____ Source material

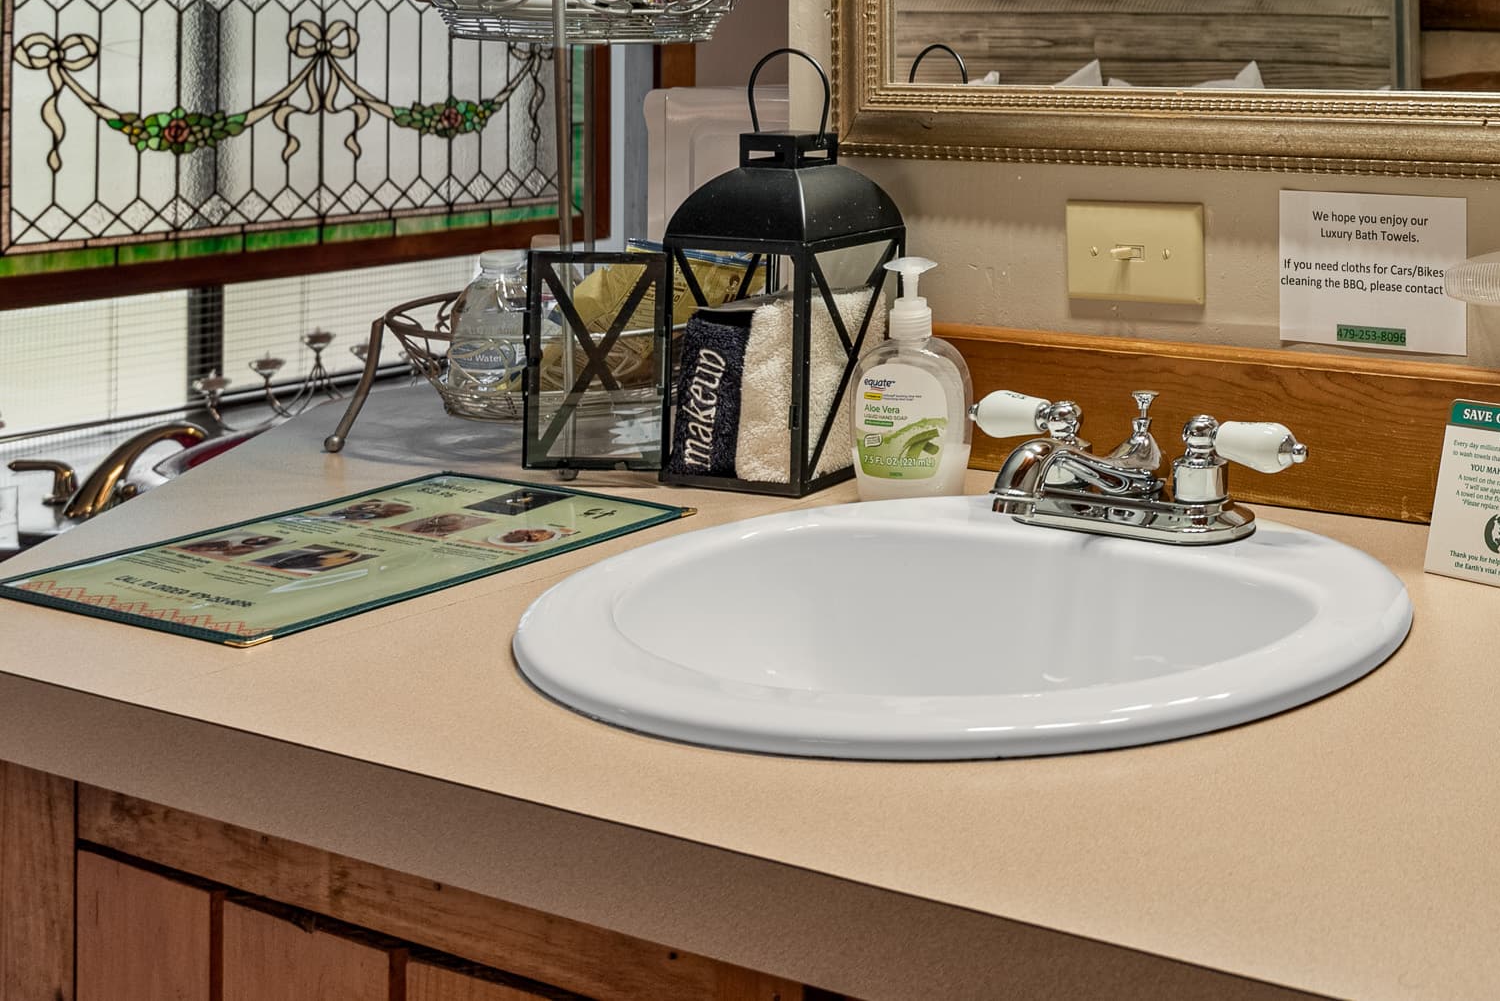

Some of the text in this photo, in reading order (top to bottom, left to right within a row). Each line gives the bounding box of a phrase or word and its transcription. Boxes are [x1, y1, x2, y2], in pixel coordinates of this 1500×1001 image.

[1312, 210, 1429, 227] We hope you enjoy our
[1320, 228, 1420, 243] Luxury Bath Towels.
[1284, 259, 1444, 278] If you need cloths for Cars/Bikes
[1281, 275, 1444, 295] cleaning the BBQ, please contact
[1336, 327, 1406, 343] 479-253-8096
[864, 378, 891, 389] equate
[682, 348, 726, 471] makeup
[864, 403, 900, 414] Aloe Vera
[1463, 408, 1493, 423] SAVE
[1453, 439, 1468, 448] Every
[1469, 442, 1479, 450] day
[1480, 444, 1500, 452] millions
[864, 454, 874, 464] 7.5
[875, 456, 884, 465] FL
[886, 457, 898, 466] OZ
[1471, 463, 1486, 473] YOU
[1487, 477, 1496, 485] the
[1461, 490, 1475, 498] towel
[1450, 550, 1467, 559] Thank
[1479, 555, 1488, 563] for
[1464, 563, 1484, 573] Earth's
[1485, 566, 1497, 575] vital

________

Work instructions: What belongs in the answer is each line above, reproduced exactly, and no picture.

Exercise output:
Some of the text in this photo, in reading order (top to bottom, left to right within a row). Each line gives the bounding box of a phrase or word and its transcription. Boxes are [x1, y1, x2, y2], in pixel coordinates of this 1500×1001 image.

[1312, 210, 1429, 227] We hope you enjoy our
[1320, 228, 1420, 243] Luxury Bath Towels.
[1284, 259, 1444, 278] If you need cloths for Cars/Bikes
[1281, 275, 1444, 295] cleaning the BBQ, please contact
[1336, 327, 1406, 343] 479-253-8096
[864, 378, 891, 389] equate
[682, 348, 726, 471] makeup
[864, 403, 900, 414] Aloe Vera
[1463, 408, 1493, 423] SAVE
[1453, 439, 1468, 448] Every
[1469, 442, 1479, 450] day
[1480, 444, 1500, 452] millions
[864, 454, 874, 464] 7.5
[875, 456, 884, 465] FL
[886, 457, 898, 466] OZ
[1471, 463, 1486, 473] YOU
[1487, 477, 1496, 485] the
[1461, 490, 1475, 498] towel
[1450, 550, 1467, 559] Thank
[1479, 555, 1488, 563] for
[1464, 563, 1484, 573] Earth's
[1485, 566, 1497, 575] vital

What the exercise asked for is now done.